_WHAT TO DO_. Your output must hold every entry exactly as written and none of the pictures.

_TASK MATERIAL_.
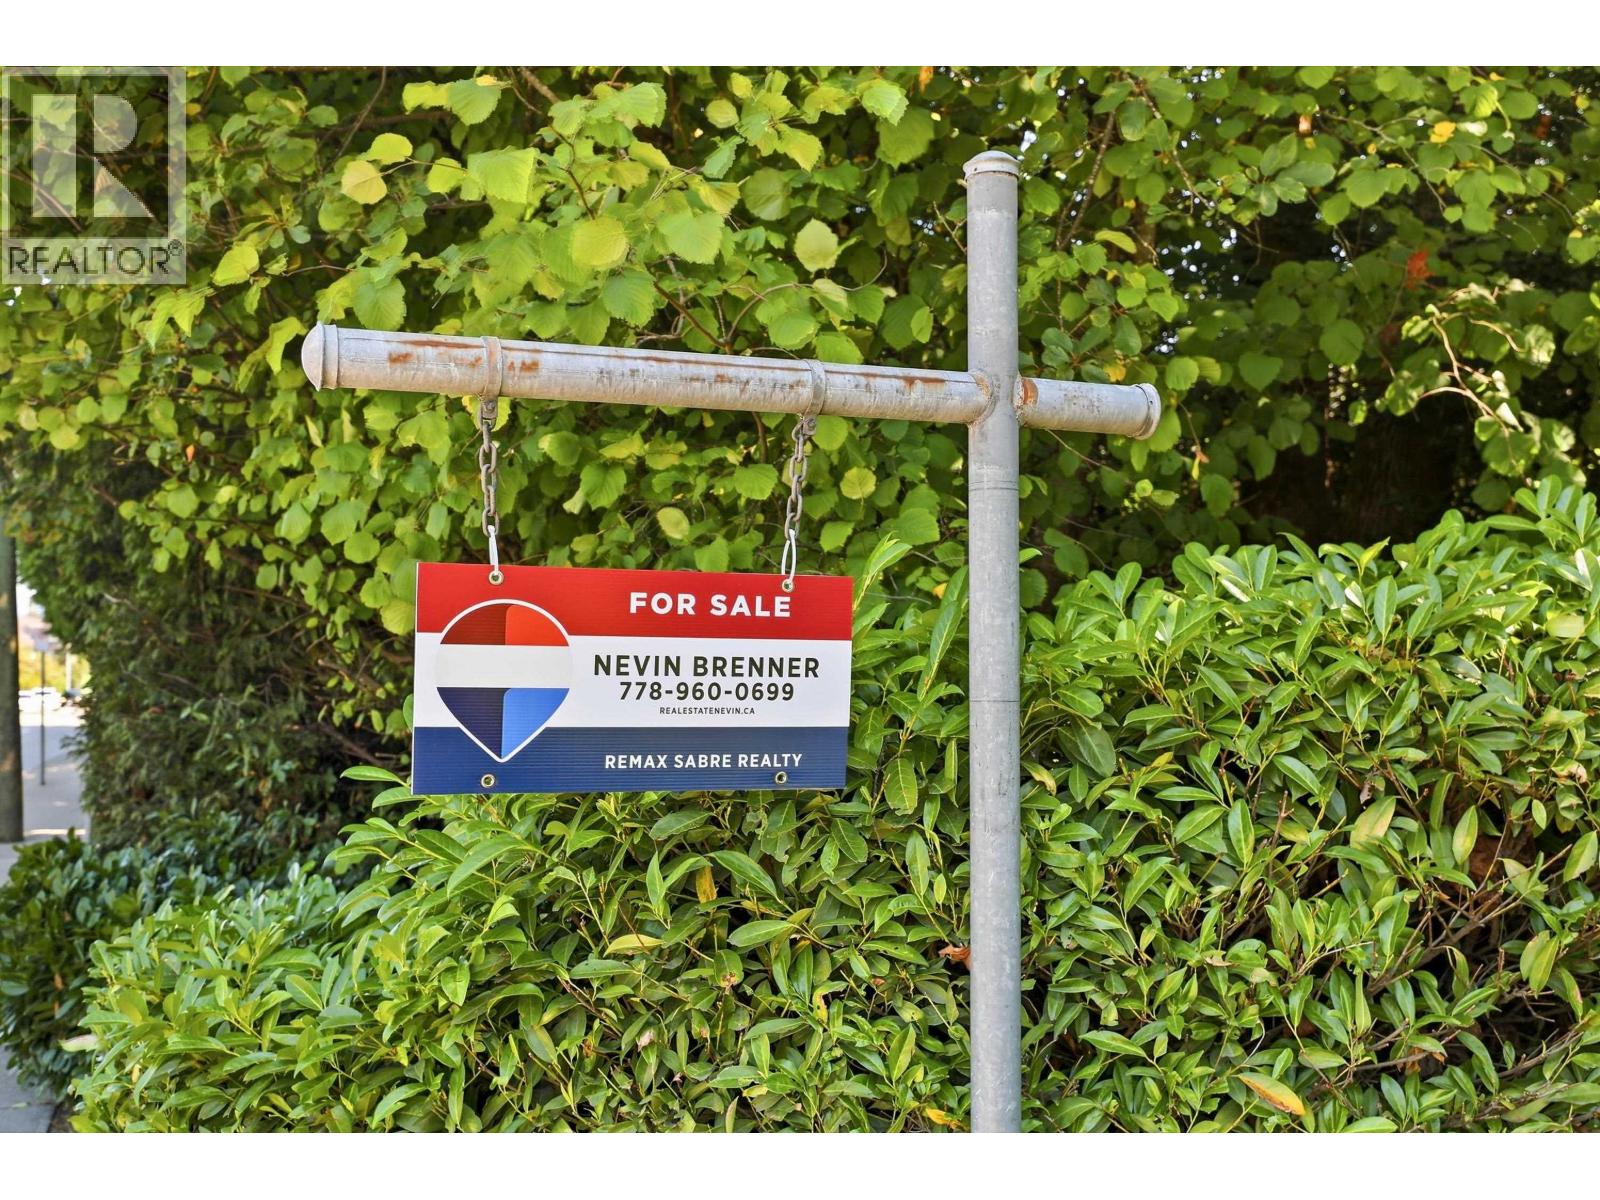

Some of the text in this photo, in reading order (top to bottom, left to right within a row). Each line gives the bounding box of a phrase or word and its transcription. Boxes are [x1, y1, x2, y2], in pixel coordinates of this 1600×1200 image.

[629, 592, 791, 617] FOR SALE
[593, 654, 820, 679] NEVIN BRENNER
[619, 682, 795, 701] 778-960-0699
[659, 707, 755, 715] REALESTATENEVIN.CA
[604, 753, 803, 769] REMAX SABRE REALTY

_THE COMPLETED TASK_.
Some of the text in this photo, in reading order (top to bottom, left to right within a row). Each line gives the bounding box of a phrase or word and its transcription. Boxes are [x1, y1, x2, y2], in pixel coordinates of this 1600×1200 image.

[629, 592, 791, 617] FOR SALE
[593, 654, 820, 679] NEVIN BRENNER
[619, 682, 795, 701] 778-960-0699
[659, 707, 755, 715] REALESTATENEVIN.CA
[604, 753, 803, 769] REMAX SABRE REALTY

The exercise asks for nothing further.